Predicting tumor-suppressing genes in cancer via clustering the developmental stage gene expression profile

Nitin Kumar Singh; M. Vidyasagar; Michael A. White

doi:10.1109/LISSA.2011.5754170

Predicting tumor-suppressing genes in cancer via clustering the developmental stage gene expression profile

Nitin Kumar Singh, M. Vidyasagar, Michael A. White

Research output: Chapter in Book/Report/Conference proceeding › Conference contribution

1 Scopus citations

Abstract

In this paper we study the problem of predicting which genes are likely to have a role in tumor-suppression in lung and colorectal cancer. Mutation frequencies alone cannot serve to differentiate between drivers (mutations that cause cancer) and passengers (mutations that are caused by cancer) some other features must be added. Our hypothesis is that the developmental stage gene expression profile provides one such additional feature, that can potentially serve to differentiate between drivers and passengers. The developmental stage gene expression profile refers to the seven-dimensional vector of the gene's expression, as found in the Unigene database [15]. We focus our attention of two sets of genes: (i) a master set of more than 1,700 genes found to be mutated in breast and colorectal cancer tissues in a famous study by Wood et al. [16], and (ii) a set of nearly 1,800 genes consisting of all genes that have been tested for mutations in lung cancer in the COSMIC database [4], and have a developmental gene expression profile in the Unigene database [15]. An experimental study by a team led by the third author tested a set of 151 CAN-genes as identified in [16], [12] and identified a subset of 65 hits that resulted in cell proliferation; the rest were classified as misses. The challenge is to reproduce these results at a high level of significance using a classification approach.

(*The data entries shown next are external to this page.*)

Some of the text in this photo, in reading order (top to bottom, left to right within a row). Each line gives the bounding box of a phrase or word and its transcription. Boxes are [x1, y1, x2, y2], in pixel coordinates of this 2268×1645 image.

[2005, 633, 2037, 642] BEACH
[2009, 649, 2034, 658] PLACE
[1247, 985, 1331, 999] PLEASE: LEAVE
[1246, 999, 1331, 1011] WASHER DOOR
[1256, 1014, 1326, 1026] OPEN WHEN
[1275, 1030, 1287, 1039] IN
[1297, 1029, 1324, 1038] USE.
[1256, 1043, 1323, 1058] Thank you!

Using the K-means algorithm, the seven-dimensional expression profile vectors for 1,799 genes were grouped into two clusters, which were properly separated as indicated by a silhouette value of 0.37. The first cluster contained 15 hits and 8 misses out of a total of 626 genes, while the second cluster contained 13 hits and 20 misses out of a total 1,173 genes. The null hypothesis that the known hits and misses occur in equal proportions in both clusters can be rejected at a 1.56% level, while the null hypothesis that both clusters contain an equal proportion of hits can be rejected at a 0.89% level. In short, clustering based on developmental gene expression level provides quite significant discrimination between known experimental outcomes. Going forward, further experiments need to be performed to verify that indeed the first cluster does contain more hits than the second cluster. Also, the approach needs to be extended to other forms of cancer.

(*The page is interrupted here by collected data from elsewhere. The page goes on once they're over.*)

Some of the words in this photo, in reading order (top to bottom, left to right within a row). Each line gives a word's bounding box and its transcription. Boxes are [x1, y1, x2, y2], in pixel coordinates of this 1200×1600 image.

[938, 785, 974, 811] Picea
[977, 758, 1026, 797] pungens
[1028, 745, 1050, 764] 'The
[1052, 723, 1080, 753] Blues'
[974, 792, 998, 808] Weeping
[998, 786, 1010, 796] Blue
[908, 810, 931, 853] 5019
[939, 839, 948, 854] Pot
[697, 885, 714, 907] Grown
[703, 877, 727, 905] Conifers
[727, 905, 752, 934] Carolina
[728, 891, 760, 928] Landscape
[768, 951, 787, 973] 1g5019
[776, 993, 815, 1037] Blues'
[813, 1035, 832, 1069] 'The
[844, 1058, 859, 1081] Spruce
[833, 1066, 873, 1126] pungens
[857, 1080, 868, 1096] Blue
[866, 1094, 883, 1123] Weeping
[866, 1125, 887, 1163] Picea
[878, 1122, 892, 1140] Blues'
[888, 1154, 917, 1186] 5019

Original language	English (US)
Title of host publication	Proceedings of the 2011 IEEE/NIH Life Science Systems and Applications Workshop, LiSSA 2011
Pages	116-120
Number of pages	5
DOIs	https://doi.org/10.1109/LISSA.2011.5754170
State	Published - May 23 2011
Event	2011 IEEE/NIH Life Science Systems and Applications Workshop, LiSSA 2011 - Bethesda, MD, United States Duration: Apr 7 2011 → Apr 8 2011

Publication series

Name	Proceedings of the 2011 IEEE/NIH Life Science Systems and Applications Workshop, LiSSA 2011

Other

Other	2011 IEEE/NIH Life Science Systems and Applications Workshop, LiSSA 2011
Country/Territory	United States
City	Bethesda, MD
Period	4/7/11 → 4/8/11

ASJC Scopus subject areas

Life-span and Life-course Studies

Access to Document

10.1109/LISSA.2011.5754170

Cite this

Singh, N. K., Vidyasagar, M., & White, M. A. (2011). Predicting tumor-suppressing genes in cancer via clustering the developmental stage gene expression profile. In Proceedings of the 2011 IEEE/NIH Life Science Systems and Applications Workshop, LiSSA 2011 (pp. 116-120). Article 5754170 (Proceedings of the 2011 IEEE/NIH Life Science Systems and Applications Workshop, LiSSA 2011). https://doi.org/10.1109/LISSA.2011.5754170

Predicting tumor-suppressing genes in cancer via clustering the developmental stage gene expression profile. / Singh, Nitin Kumar; Vidyasagar, M.; White, Michael A.
Proceedings of the 2011 IEEE/NIH Life Science Systems and Applications Workshop, LiSSA 2011. 2011. p. 116-120 5754170 (Proceedings of the 2011 IEEE/NIH Life Science Systems and Applications Workshop, LiSSA 2011).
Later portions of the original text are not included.